As Fleming (1962) stated, it is not possible to allow additional free flow of capital. Since it is impossible to combine all three elements, namely a fixed exchange rate, sovereign monetary policy, and free capital flow, this concept is known as the impossible Trinity.


More and more Central banks are showing interest in CBDC. The presented innovative projects are motivated by several reasons. Interestingly, the overly dominant role of cash in the payment system, as well as the reduction in its use, are mentioned as motivating factors. On the one hand, CBoB and RMI eliminate inefficiencies due to the large use of cash and seek to promote financial inclusion through CBDC. China and Sweden, on the other hand, see the importance of reducing the use of cash, and emphasize the negative consequences of this reduction in use as a motivation for their CBDCS.
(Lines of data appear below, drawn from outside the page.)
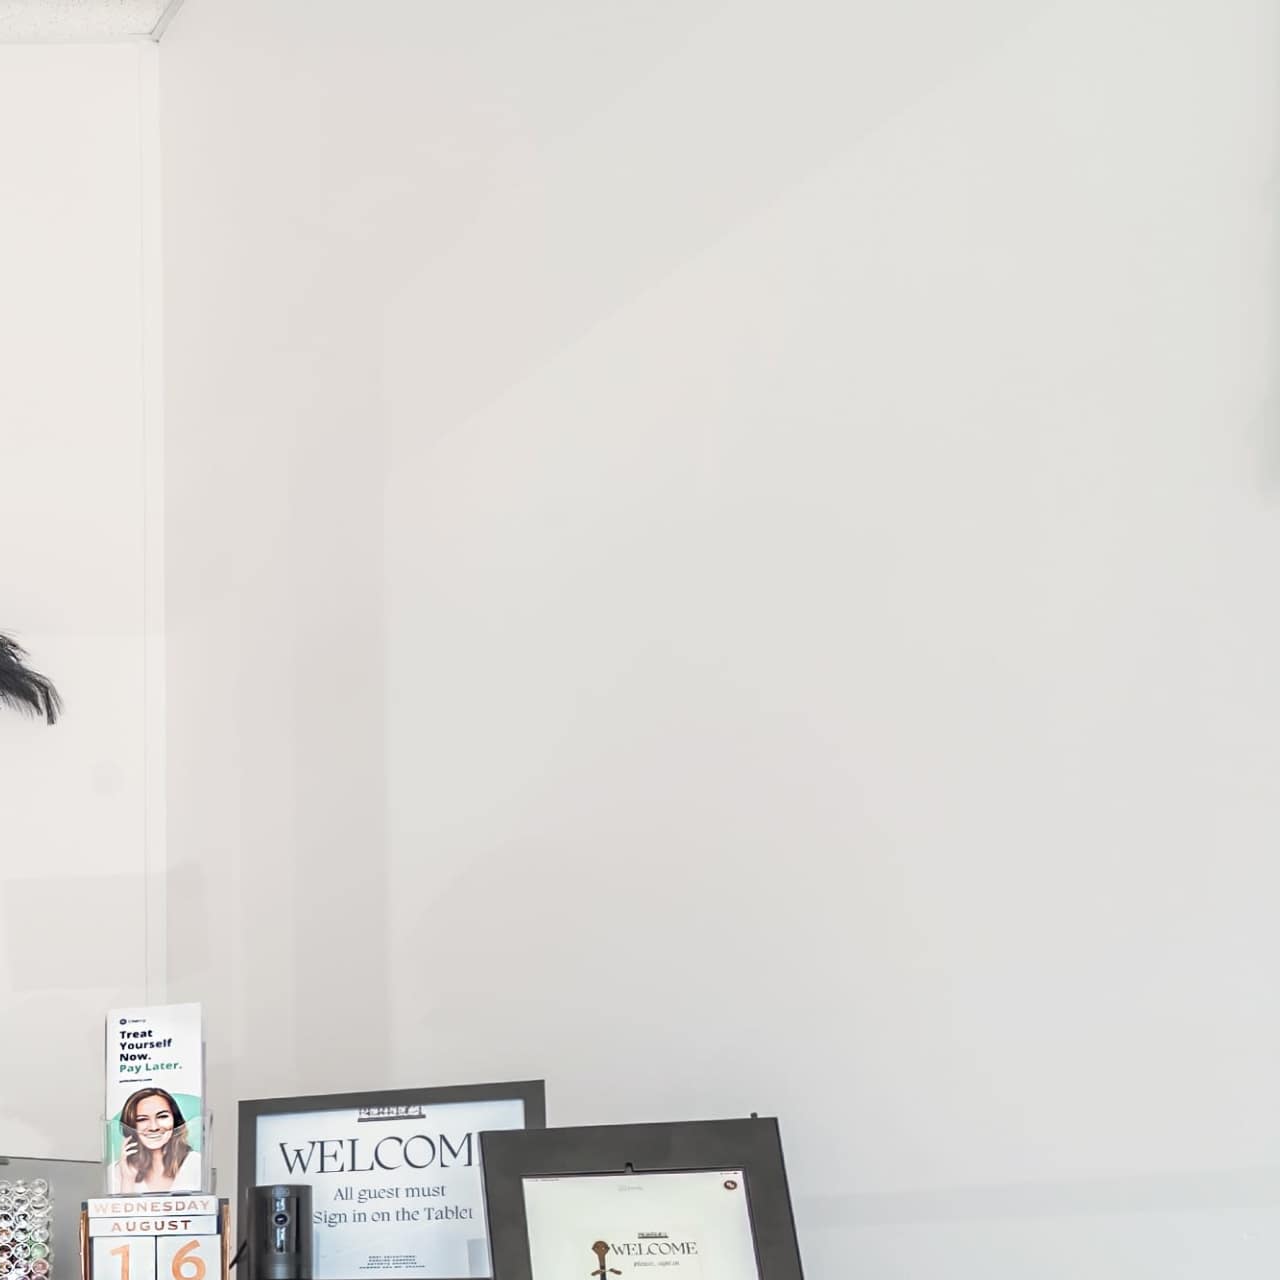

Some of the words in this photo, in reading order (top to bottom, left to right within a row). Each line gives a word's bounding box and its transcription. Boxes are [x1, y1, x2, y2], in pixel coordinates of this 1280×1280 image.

[120, 1030, 153, 1039] Treat
[120, 1038, 172, 1050] Yourself
[120, 1053, 152, 1062] Now.
[120, 1064, 142, 1074] Pay
[145, 1062, 183, 1071] Later.
[279, 1132, 473, 1175] WELCOM
[333, 1187, 353, 1201] All
[357, 1186, 400, 1203] guest
[404, 1184, 446, 1198] must
[94, 1200, 210, 1214] WEDNESDAY
[312, 1210, 347, 1228] Sign
[352, 1208, 367, 1222] in
[370, 1210, 390, 1222] on
[395, 1206, 420, 1221] the
[111, 1220, 192, 1233] AUGUST
[611, 1241, 698, 1256] WELCOME
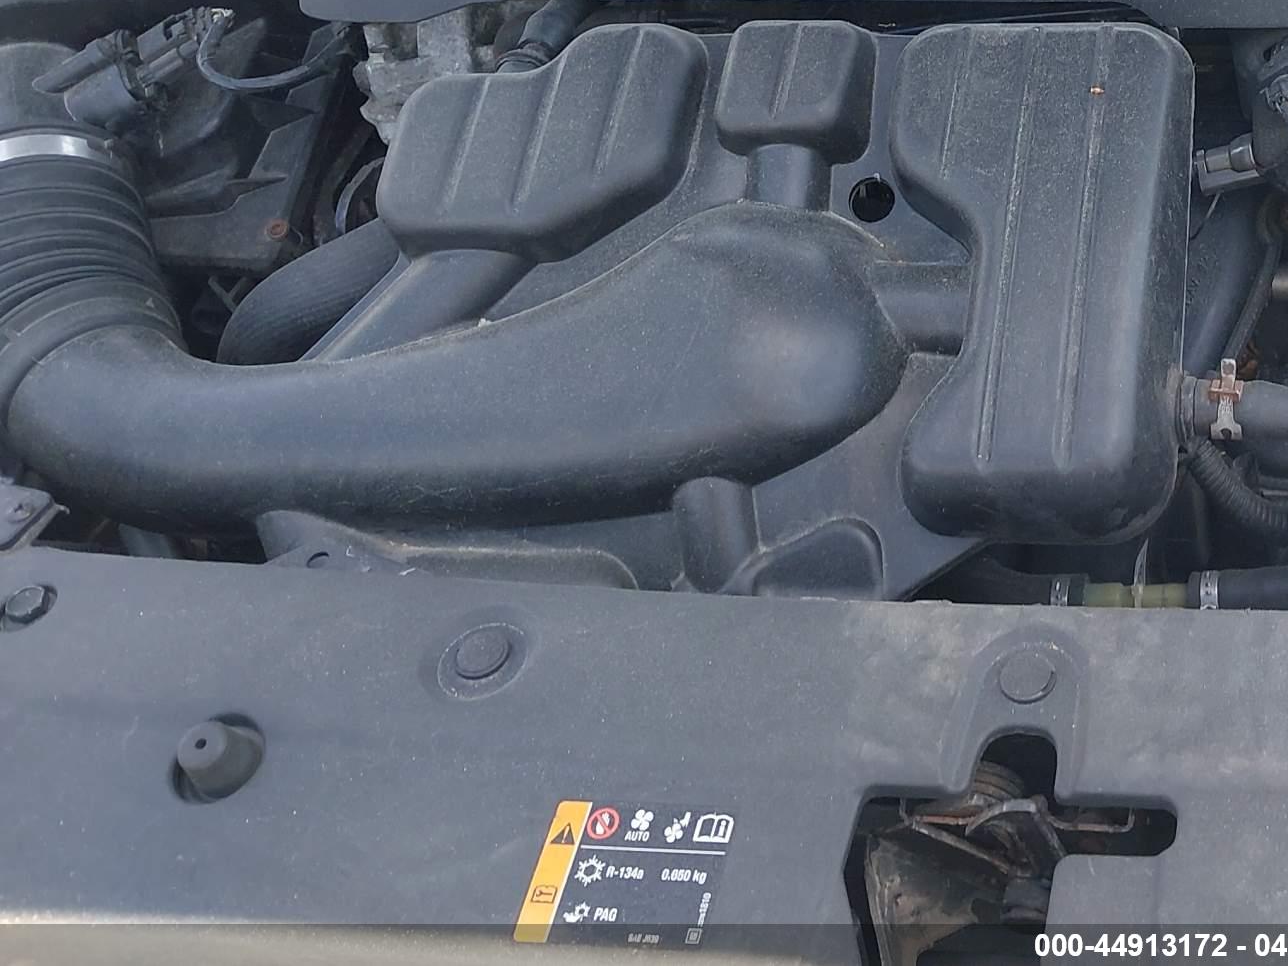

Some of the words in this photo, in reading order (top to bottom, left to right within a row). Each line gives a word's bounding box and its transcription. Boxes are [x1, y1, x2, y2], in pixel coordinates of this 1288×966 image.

[624, 831, 650, 842] AUTO
[606, 865, 644, 880] R-134a
[692, 869, 707, 885] kg
[593, 907, 618, 922] PAG
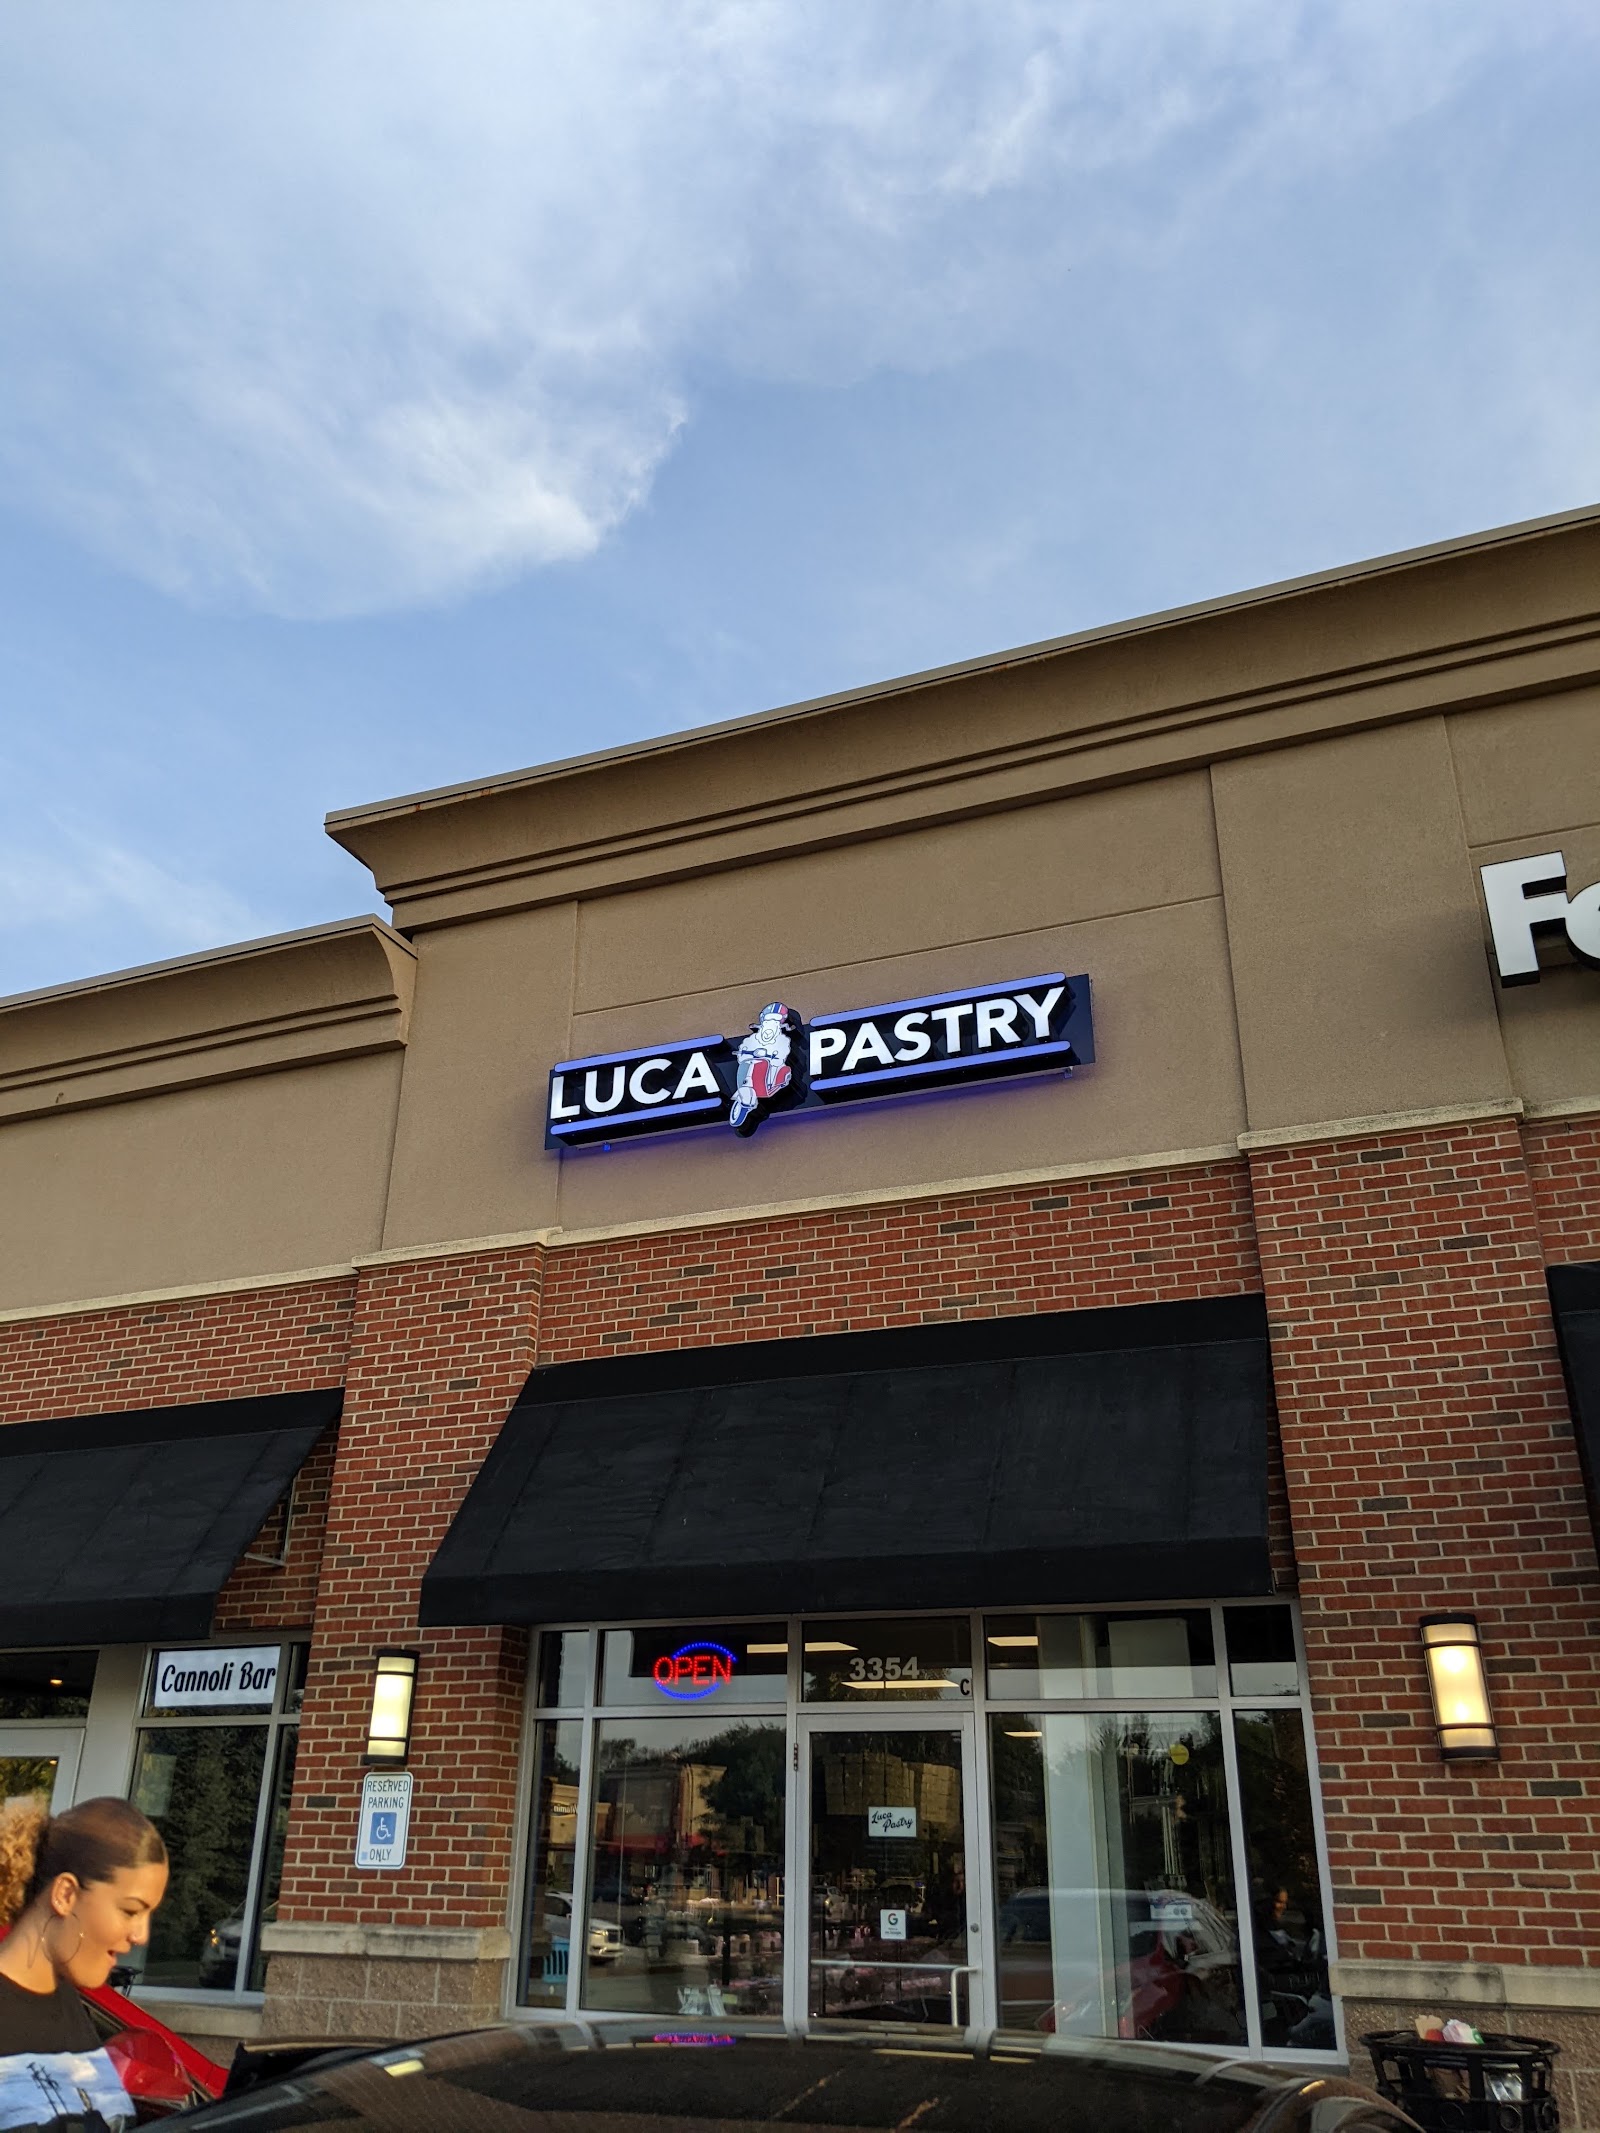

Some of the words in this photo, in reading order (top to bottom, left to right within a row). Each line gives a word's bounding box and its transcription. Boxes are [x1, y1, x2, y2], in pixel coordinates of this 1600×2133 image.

[550, 1052, 720, 1119] LUCA
[810, 986, 1065, 1076] PASTRY
[161, 1662, 234, 1692] Cannoli
[239, 1661, 276, 1690] Bar
[653, 1655, 731, 1686] OPEN
[849, 1656, 919, 1681] 3354
[960, 1678, 970, 1696] C
[367, 1780, 408, 1792] RESERVED
[368, 1796, 404, 1809] PARKING
[871, 1810, 892, 1824] Luca
[882, 1816, 913, 1832] Pastry
[369, 1848, 391, 1861] ONLY
[888, 1912, 898, 1926] G
Other reasons are improved surveillance (CBoB), facilitated currency internationalization (PBoC), and the creation of an alternative revenue source (RMI). In terms of implementation design, CBDCS are very similar. With the exception of SOV, all projects will be based on a two-tier operating structure, and none of them are planned to generate interest. However, these initiatives follow different approaches to CBDC restrictions, anonymity, offline usability, international access, and technology.

Please note that the impact of CBDC on the financial system can only be analyzed theoretically so far. Thus, it remains to be seen how citizens will actually react to the specific introduction of the new Central Bank money option. Given the advanced status of the submitted projects, we may soon be able to observe this reaction.